Striped maples wait to last minute before choosing their sex
A few years ago, Rutgers researcher Jennifer Blake-Mahmud was working on a botany project in Virginia when colleagues pointed out a striped maple, a common tree in the understory of mountain forests from Nova Scotia to Georgia.
“They told me, ‘We think it switches sex from year to year, but we don’t know why,’ and I said, ‘How can that be?’ Blake-Mahmud said. “And that was when I decided I needed to find out what was going on.”
In research published in the journal Trees: Structure and Function, Blake-Mahmud reports that striped maples not only change their sex periodically, but that they can wait until the last minute – three weeks before flowering – to do it. The switch appears to be triggered by physical damage, which can prompt a branch to flower female if it’s cut off a male tree.
Blake-Mahmud, a doctoral student in the School of Graduate Studies Plant Biology Program at Rutgers University-New Brunswick, cut branches from healthy, mature striped maples from state forests in northern New Jersey. She took the samples to her lab, where she let them flower.

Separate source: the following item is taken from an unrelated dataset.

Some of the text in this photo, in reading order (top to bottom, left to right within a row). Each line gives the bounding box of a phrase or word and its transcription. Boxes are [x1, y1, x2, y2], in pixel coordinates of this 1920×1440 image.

She expected that striped maples, like most trees, would prepare themselves for reproduction by fashioning the tiny flower sex parts many months before they flowered. Apple trees, for instance, have already made their buds for the next year just six-weeks after flowering finishes for this year. Surprisingly, the cuttings from her striped maples waited to finish developing. Even three weeks before natural blooming time, the buds were still flexible and could bloom female if cut off the tree or male if left untouched. This means that the tree can wait until very late to make up its mind about which kind of flowers – male or female – to have. “These trees were the arboreal equivalent of last-minute Christmas shoppers,” Blake-Mahmud said.

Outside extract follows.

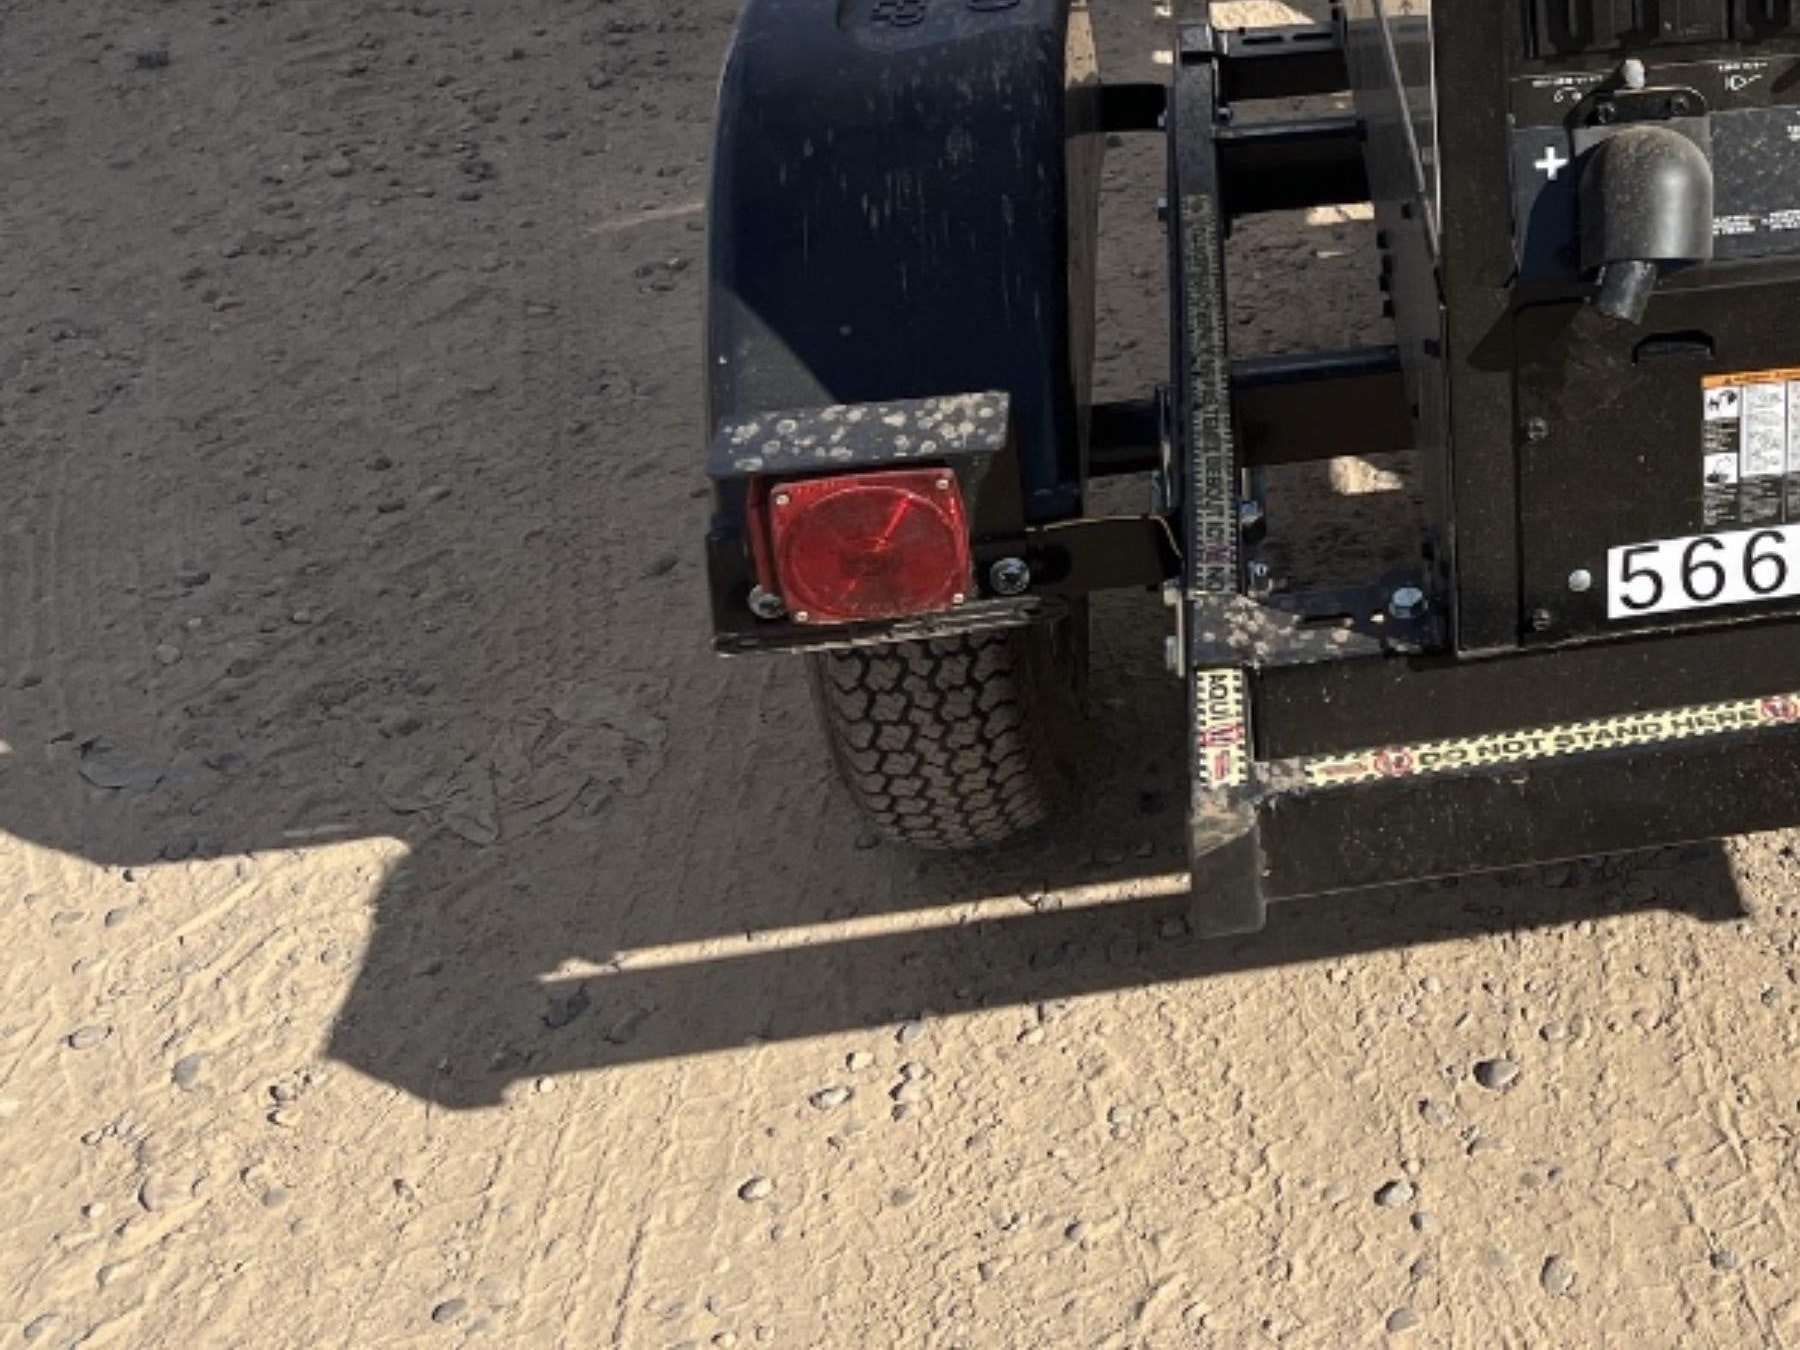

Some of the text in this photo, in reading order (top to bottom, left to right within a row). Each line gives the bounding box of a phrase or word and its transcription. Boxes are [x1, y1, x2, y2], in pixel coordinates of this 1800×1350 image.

[1477, 736, 1544, 758] NOT
[1554, 723, 1664, 748] STAND
[1670, 709, 1760, 729] HERE

The trigger turned out to be the act of cutting a branch off the tree, which amounts to physical damage. And most of the branches taken from male trees expressed themselves as female when they bloomed in the greenhouse. Blake-Mahmud said this suggests that physical damage plays a role in sex expression, although she isn’t certain yet what sort of damage. She noted that even without people cutting off branches, striped maples lead a perilous life. “There are deer rubbing their antlers against them, bears scratching against them, taller trees that die and fall on them,” she said.
Blake-Mahmud’s co-author and adviser is Lena Struwe, a professor of plant biology, ecology, evolution and natural resources in the School of Environmental and Biological Sciences.
Blake-Mahmud noted that arboreal sex isn’t a field that many people are familiar with. When she explains that she’s a botanist who studies how plants express sex, she often gets two reactions. “People say, ‘Whoa, plants have sex?’” Assured that plants do, people then often ask why she doesn’t study sex in animals. “I tell them that sex in plants is much more complex, much more interesting, than sex in animals,” she said. “If you’re interested in reproduction, plants are definitely the way to go.”